Segundo a ANP (Agência Nacional do Petróleo), o Brasil apresentava uma
dependência externa equivalente a 494 mil barris por dia em 2000, o que indicava uma
carência de produto importando de 27,5%.
Um dos principais objetivos da recuperação é aumentar sua eficiência que se
traduz em maior recuperação de óleo e menor produção de água por volume de óleo
produzido.
3.3 Fingers
A injeção de água para a recuperação pode ocorrer com o objetivo de assegurar a
manutenção da pressão no reservatório, de modo que desloque o óleo existente no poço
de injeção em direção aos poços produtores.
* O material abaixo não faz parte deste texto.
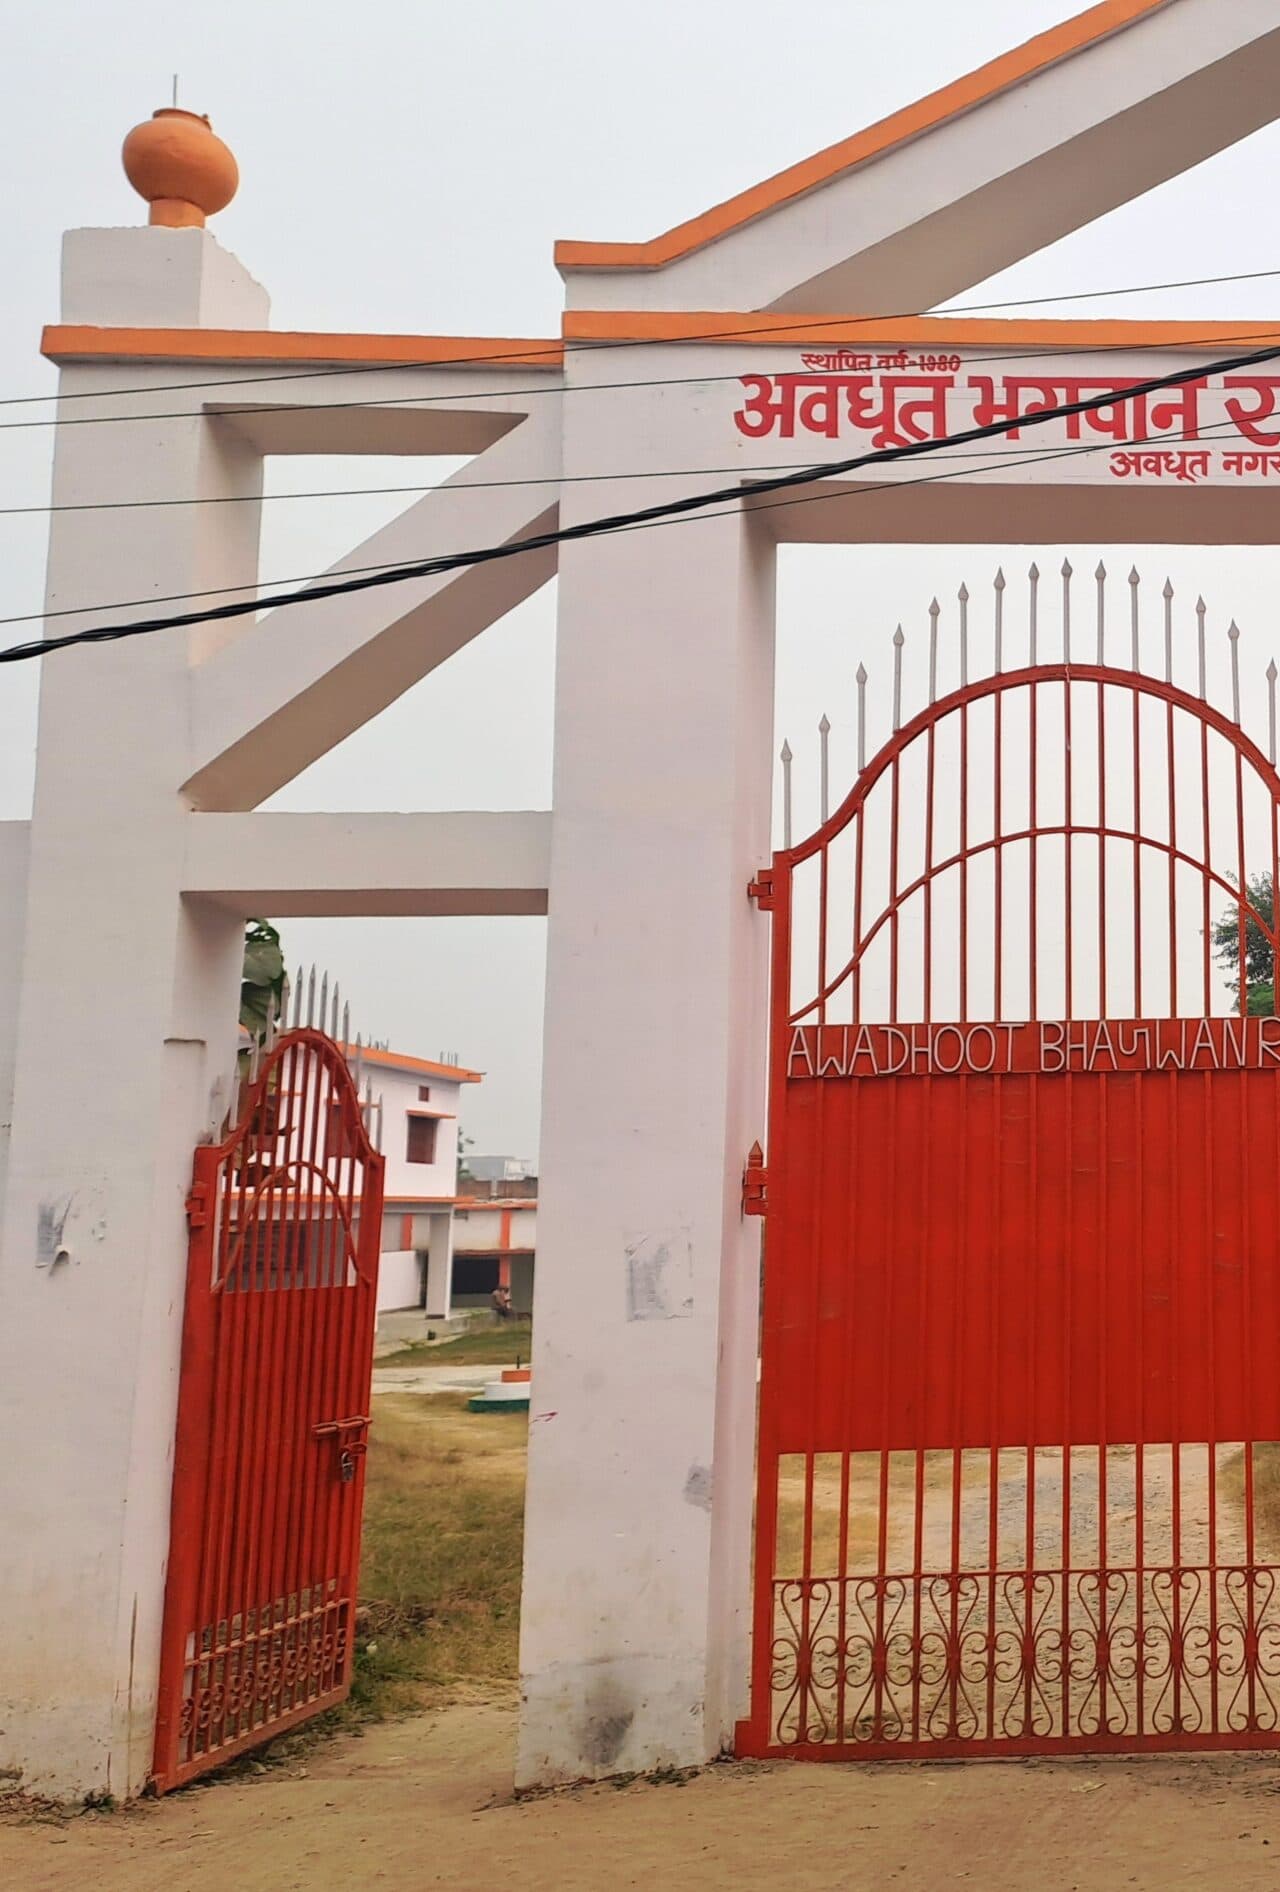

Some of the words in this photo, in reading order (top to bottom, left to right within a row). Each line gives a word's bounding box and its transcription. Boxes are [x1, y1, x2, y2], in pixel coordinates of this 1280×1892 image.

Entretanto, neste método pode ocorrer
perda de eficiência provocada basicamente pela diferença nas propriedades (viscosidade
e densidade) da água de injeção e do óleo a ser deslocado. Isso faz com que a água
penetre na fase óleo.
A água, que possui menor viscosidade comparada ao óleo, não consegue
deslocá-lo completamente, tomando caminhos preferenciais para os reservatórios
produtores formando canais no seio da fase óleo. Estes canais geralmente são chamados
de “fingers”, e são resultantes de fenômeno conhecido por digitação viscosa. Este
comportamento pode ser observado na Figura 2. Como resultado, tem-se produção
excessiva de água e baixa eficiência na recuperação do óleo.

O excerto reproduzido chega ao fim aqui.